Week 653: Der Panther, by Rainer Maria Rilke

This week one of Rainer Maria Rilke’s most famous shorter poems. It exemplifies his poetic theory of empathic identification with the object of his vision, combined with the use of precise evocative language. At one level it is certainly about a majestic animal cooped up in a small cage, but clearly it owes its particular renown to a wider resonance, the panther standing equally for so many human lives, trapped in offices or factories, losing over the years any ability to see beyond the imprisoning bars of duty and routine, yet just occasionally half-remembering another world of freedom and joy, a glimpse, quickly extinguished, of how life might have been.
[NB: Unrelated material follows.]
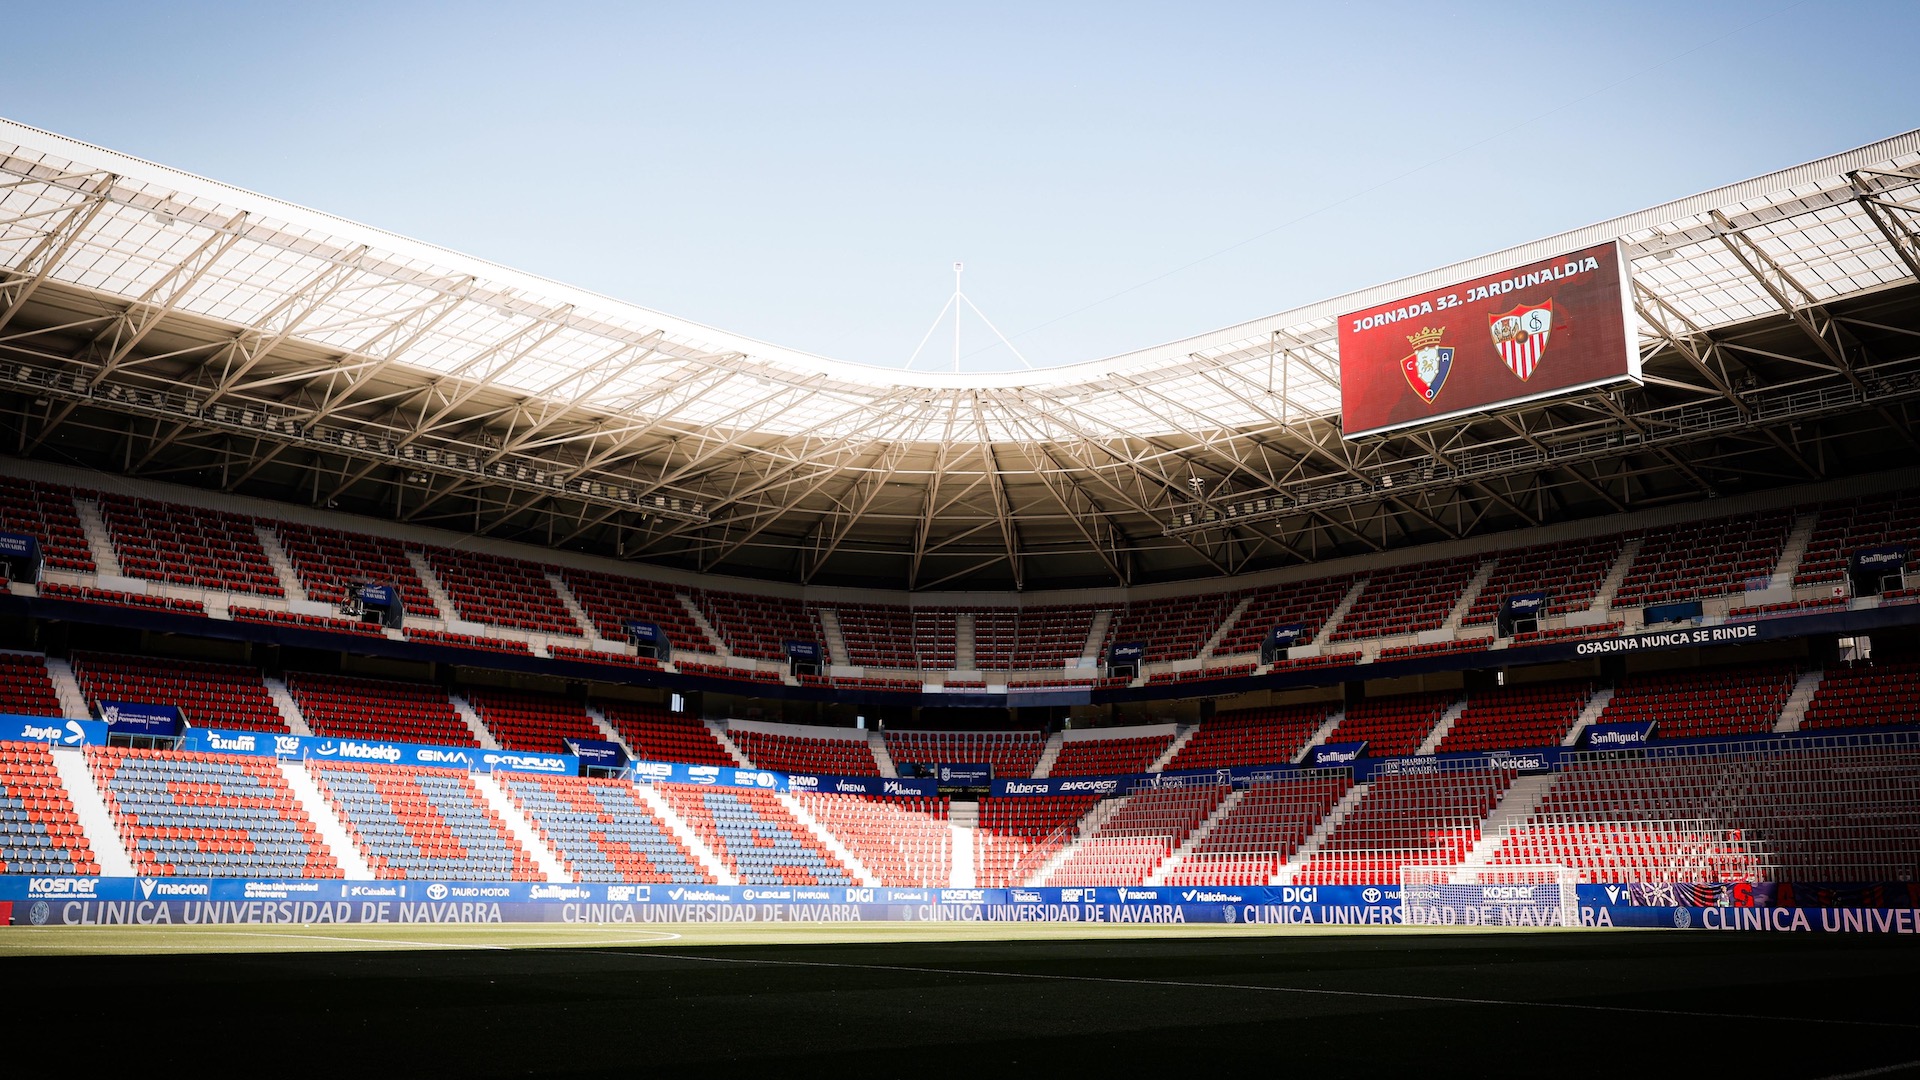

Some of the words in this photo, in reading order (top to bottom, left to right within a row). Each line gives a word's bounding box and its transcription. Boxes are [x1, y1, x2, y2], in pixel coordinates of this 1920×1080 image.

The translation that follows is my own.

Der Panther

im Jardin des Plantes, Paris

Sein Blick ist vom Vorübergehn der Stäbe
so müd geworden, daß er nichts mehr hält.
Ihm ist, als ob es tausend Stäbe gäbe
und hinter tausend Stäbe keine Welt.

Der weiche Gang geschmeidig starker Schritte,
der sich im allerkleinsten Kreise dreht,
ist wie ein Tanz von Kraft um eine Mitte,
in der betäubt ein großer Wille steht.

Nur manchmal schiebt der Vorhang der Pupille
sich lautlos auf –. Dann geht ein Bild hinein,
geht durch der Glieder angespannte Stille —
und hört im Herzen auf zu sein.

Rainer Maria Rilke

The Panther

His gaze, from seeing bars go by, has grown
so weary there is nothing else it sees.
It is as if for him were bars alone,
a thousand bars, and no world beyond these.

His footfalls, soft and supple as they enter
the smallest of small circles, round and round,
are like a sacred dance about a centre
in which a great will stands forever bound.

Just sometimes, as the curtain of a pupil
lifts soundlessly, some image from before
traverses tense unmoving limbs, until
arriving at the heart it is no more.